Another trial regarding allegations of groping boys at a swimming pool in the 1970s was in the offing and it needed an unbiased jury. Mass reporting across Victoria, in particular, could have put the whole case at risk.
As Pell left court after the verdict, however, the pack of court reporters present held the same view: The guilty verdict was soon going to leak on social media and the court order couldn’t prevent it. The news was just too big.
Predictably, as soon as the morning after, overseas outlets began breaking the news of the guilty verdict, with their stories subsequently going viral on social media.
Scene outside County Court of Victoria as huge media pack and advocates wait for #cardinalpell to emerge after media black out was just lifted. The first trial resulted in hung jury in September. A re-trial took place which resulted in guilty verdict 11/12/18. pic.twitter.com/XqHnEtPml2
— Lucie Morris-Marr (@luciemorrismarr) February 26, 2019
A reporter I know from The Daily Beast in New York rang to warn me it was about to run the verdict story on its platform.
“It’s OK though, we’ve geo-blocked Australia,” he said confidently.
“But you can’t geo-block people tweeting it,” I replied, warning him that his story would go viral and cause all sorts of problems for the court and Australian media. It did.
Part of me was envious, of course. Here in Australia we couldn’t report one of the biggest verdicts in history.
The Daily Beast, Radar Online and various blogs all sent the shocking verdict around the world, fuelled by a tsunami of tweets.
Soon more reputable outlets overseas weighed in, including the Washington Post and La Croix in Paris. They took the moral high ground, saying the public deserved the truth, yet they hadn’t invested in sending any of their reporters to the case.
If they had, they would have learnt of the fragile nature of the case and the full reasons behind the media blackout.
The frustration of a core group of about eight of us, from outlets including The New Daily, ABC and The Guardian, who sat through every day of the legal proceedings, was heightened.
We were the ones who had witnessed history unfolding. But we were silenced as we watched others share the story we so wanted to tell.
We were gagged, even though the verdict was in the public domain on many online platforms.
Suppression orders have been criticised as going against the principles of open justice and of free speech.
In December, Victorian Premier Daniel Andrews said his government would fully implement the recommendations of a 2017 independent review into the state’s use of suppression orders, which was delivered by retired judge Frank Vincent.
Justice Vincent found many suppression orders were being easily breached online and through social media. He called on courts to adopt a more practical, “real-world” approach.
Others argue that suppression orders can play a valuable role in preventing mistrials and ensuring that everyone receives a fair trial.
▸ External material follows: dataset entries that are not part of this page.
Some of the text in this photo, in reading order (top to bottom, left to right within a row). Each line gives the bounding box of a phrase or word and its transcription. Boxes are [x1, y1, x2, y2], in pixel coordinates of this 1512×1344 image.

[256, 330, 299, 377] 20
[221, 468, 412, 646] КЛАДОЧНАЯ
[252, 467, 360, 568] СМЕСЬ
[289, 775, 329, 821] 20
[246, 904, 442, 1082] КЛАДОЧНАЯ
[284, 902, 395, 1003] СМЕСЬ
Jeremy Gans, from the University of Melbourne, believes strongly the suppression order on the Pell matter should not have been made.
“It is directed to a single goal – preventing either jury from knowing of the other trial – but there is every reason to think that it cannot succeed at that goal: Knowledge that Pell was facing multiple charges has been known for a year, and knowledge of his two trials is widespread,” Professor Gans said.
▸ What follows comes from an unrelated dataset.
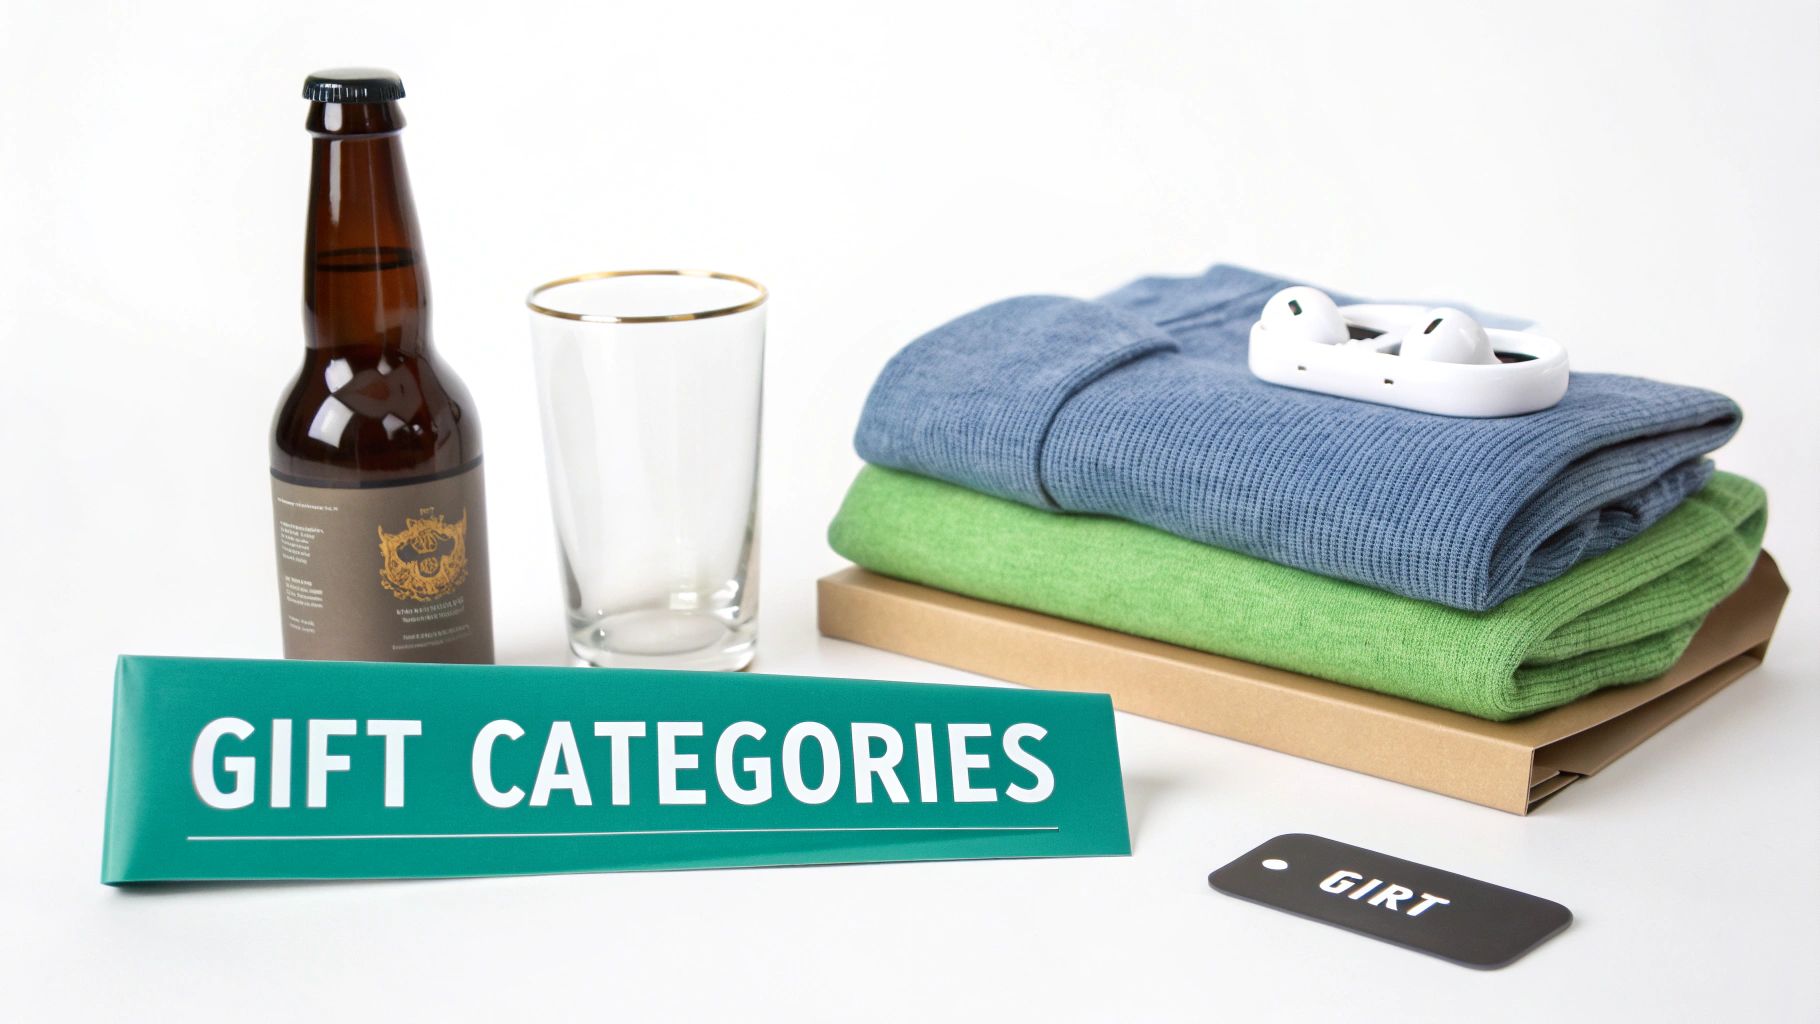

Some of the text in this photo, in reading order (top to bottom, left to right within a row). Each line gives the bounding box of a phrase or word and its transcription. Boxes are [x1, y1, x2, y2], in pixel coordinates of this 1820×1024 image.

[192, 718, 1054, 809] GIFT CATEGORIES
[1319, 870, 1450, 917] GIRT
“I cannot see how the juries wouldn’t know that. As well, there continues to be a hard-fought debate on whether juries should have such information hidden from them – the evidence law rules and the tactical effects are all controversial.”
The speed and stress of the leaks of the Pell verdict was certainly a toxic situation for the court reporters. We couldn’t publish a word or we’d risk contempt, jail time or a fine.
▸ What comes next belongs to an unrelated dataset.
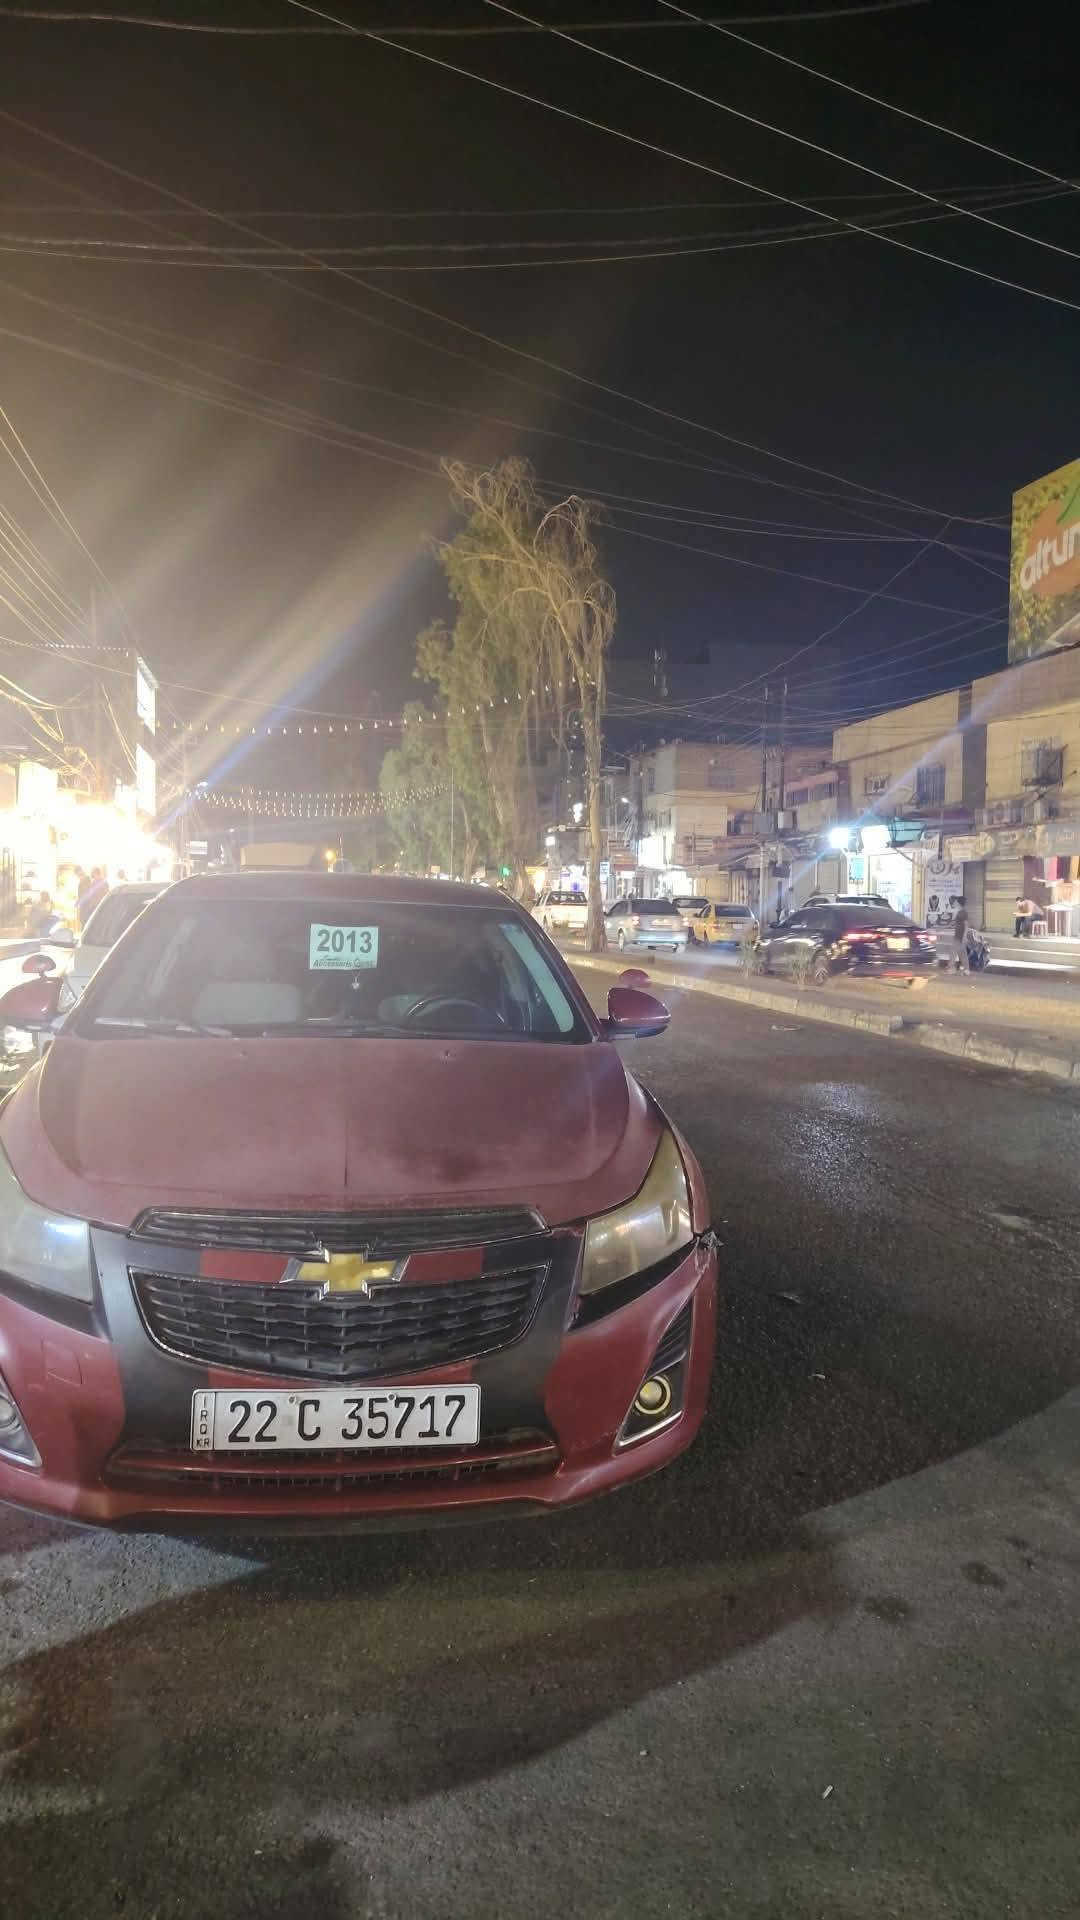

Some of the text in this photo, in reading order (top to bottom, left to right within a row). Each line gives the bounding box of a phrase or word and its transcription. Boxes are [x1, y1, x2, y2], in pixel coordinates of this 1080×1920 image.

[316, 929, 373, 953] 2013
[228, 1395, 466, 1442] 22 C 35717
However, by Thursday morning Australian newspapers began to print hysterical front pages complaining they were “gagged” from telling the public the “nation’s biggest story”.
Chief Judge Peter Kidd and the Office of Public Prosecutions were furious, warning news groups that editors and journalists were risking prosecution by putting pressure on the judge to lift the order and by committing a contempt of court.
But it was already too late to stop the news spreading. It soon became the country’s worst-kept secret. Commuters could be overheard on trains chatting about the verdict.
In early February, the Director of Public Prosecutions wrote to about 50 journalists accusing them of breaching the suppression order. They face action from the court if they cannot successfully defend their behaviour. The New Daily was not among those outlets.
Covering this case – a total of 10 weeks for two trials – and the sensational, earth-shattering verdict without being able to report it has been like working in a journalistic torture chamber.
It was down to Judge Kidd to decide if Australia could be told. But he declared lifting the order would risk fair justice and the running of the next trial.
When the order was finally lifted on Tuesday, it was a huge relief. The secret was finally out.
Truth could finally be shared. But it’s a disturbing truth that will take a long time for this nation and the Catholic community to process.